Warning: These documents are under active development and subject to change (version 2.1.0-beta).
The latest release documents are at: https://purl.dataone.org/architecture

Apache Configuration for DataONE Services

This document refers specifically to configuration directives that must be enabled to ensure Apache correctly processes the REST URLs used by the DataONE service interfaces.

Parameters in question:

AllowEncodedSlashes:
 

(Off)|On

The AllowEncodedSlashes directive allows URLs which contain encoded path separators (%2F for / and additionally %5C for on according systems) to be used. Normally such URLs are refused with a 404 (Not found) error.

AcceptPathInfo:

Off|On|(Default)

This directive controls whether requests that contain trailing pathname information that follows an actual filename (or non-existent file in an existing directory) will be accepted or rejected.

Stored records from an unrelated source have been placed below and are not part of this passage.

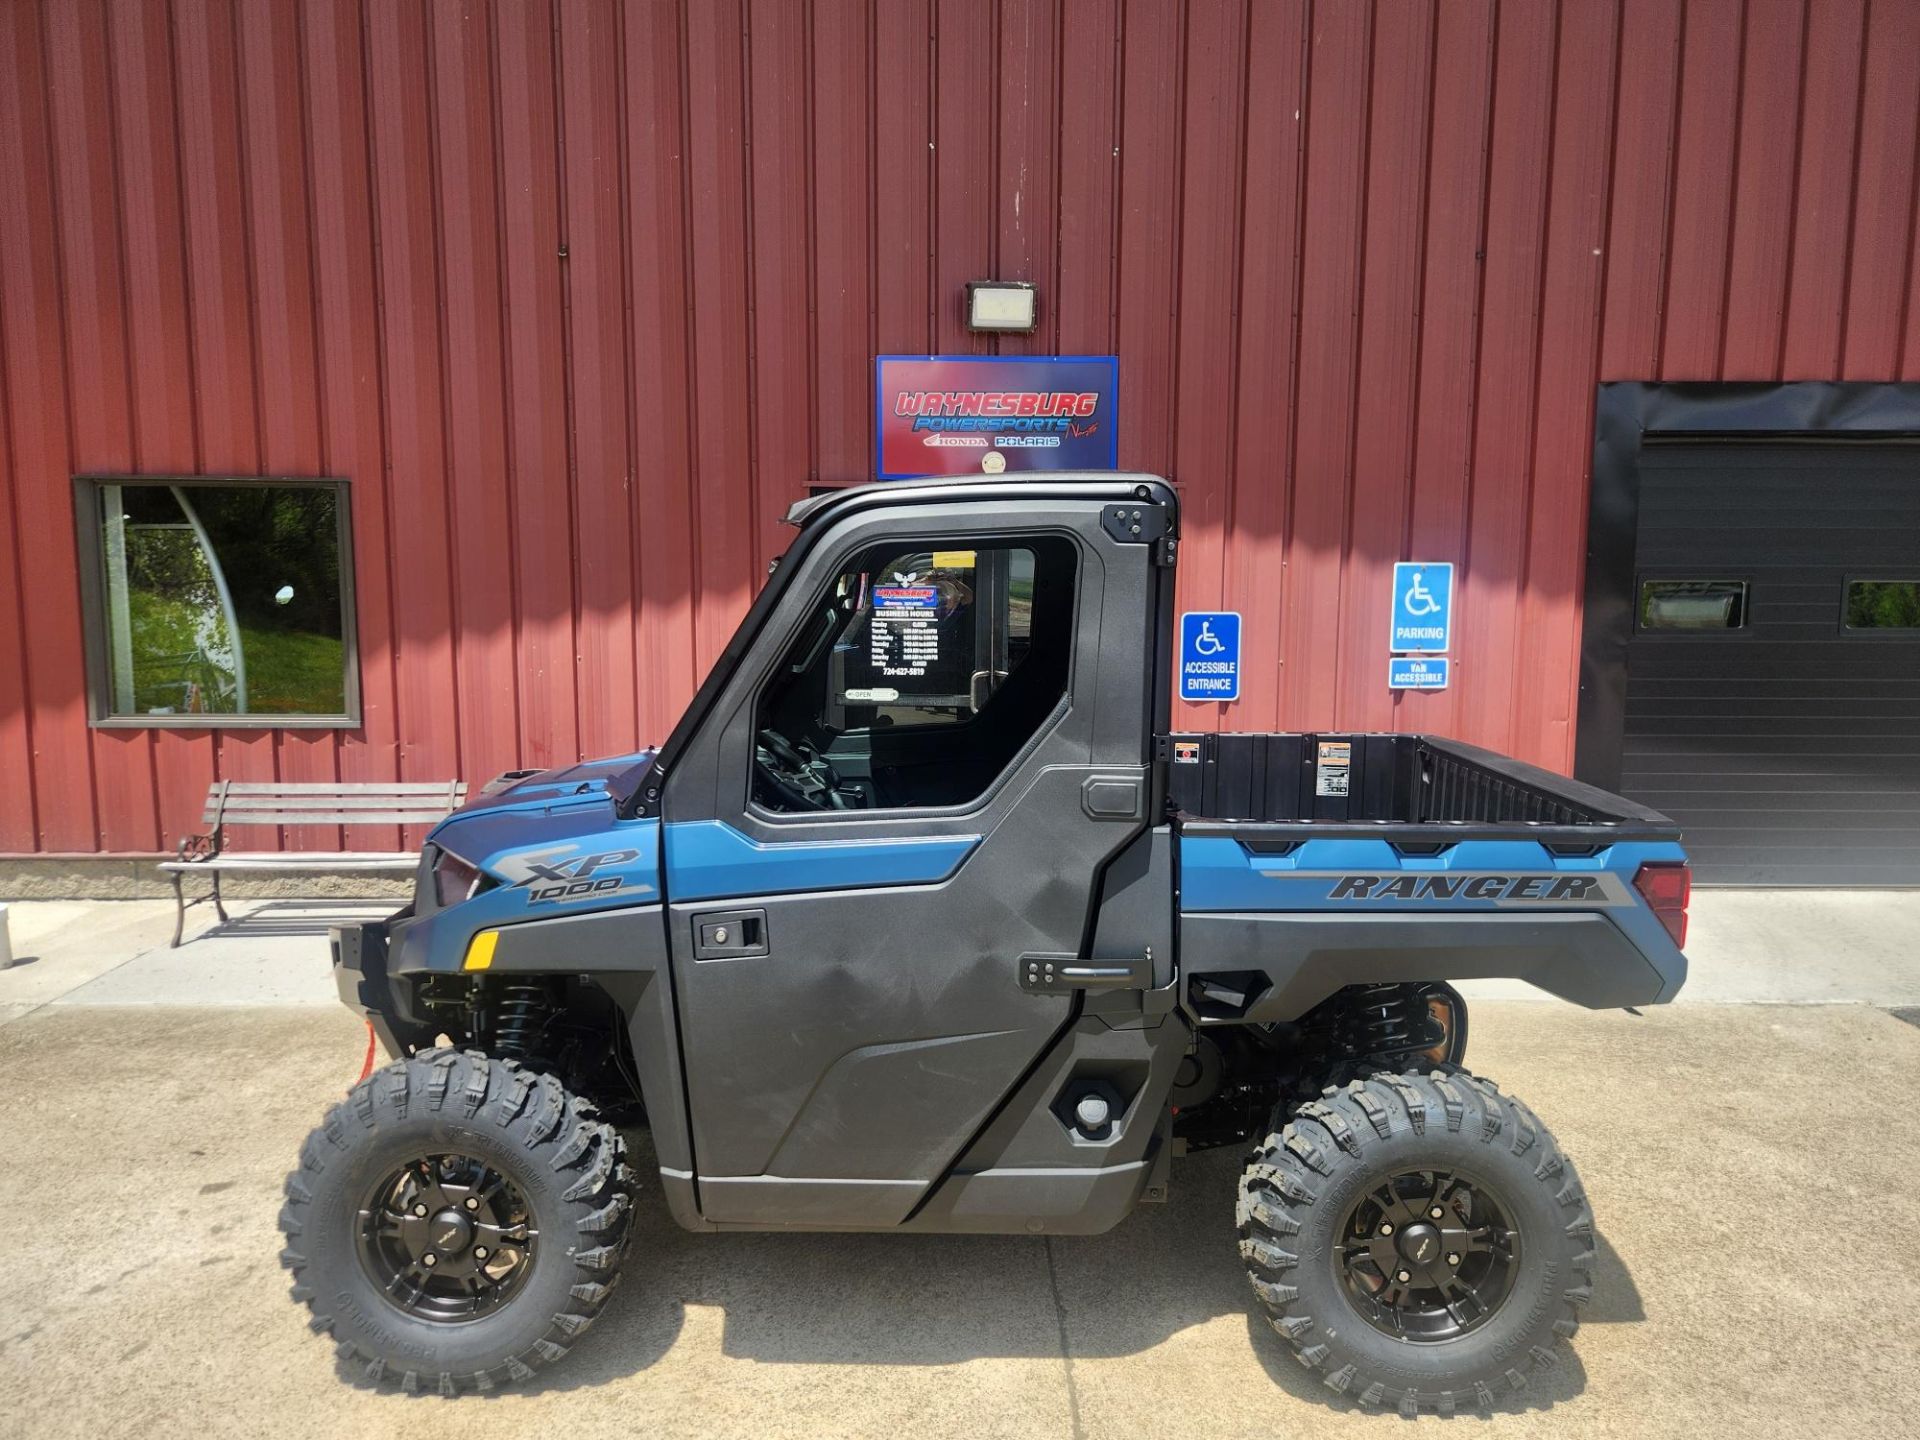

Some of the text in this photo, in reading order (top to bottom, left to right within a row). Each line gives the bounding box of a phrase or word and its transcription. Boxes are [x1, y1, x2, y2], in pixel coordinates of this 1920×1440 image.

[894, 391, 1099, 418] WAYNESBURG
[913, 417, 1070, 432] POWERSPORTS
[940, 436, 1060, 447] HONDA POLARIS
[1396, 627, 1444, 639] PARKING
[1185, 662, 1236, 673] ACCESSIBLE
[1410, 663, 1427, 673] VAN
[1394, 673, 1443, 682] ACCESSIBLE
[1188, 678, 1232, 690] ENTRANCE
[510, 849, 641, 888] XP
[529, 877, 623, 902] 1000
[1327, 875, 1600, 900] RANGER

Both of these must be set to On for Member Node and Coordinating Node services to ensure that URLs containing identifiers as path element (e.g. for MN_crud.get()) are not rejected or mishandled by the Apache web server.

These parameters must be in effect for the section of the web server configuration handling DataONE service requests.

Examples

The following examples provide an indication of Apache response for different configurations.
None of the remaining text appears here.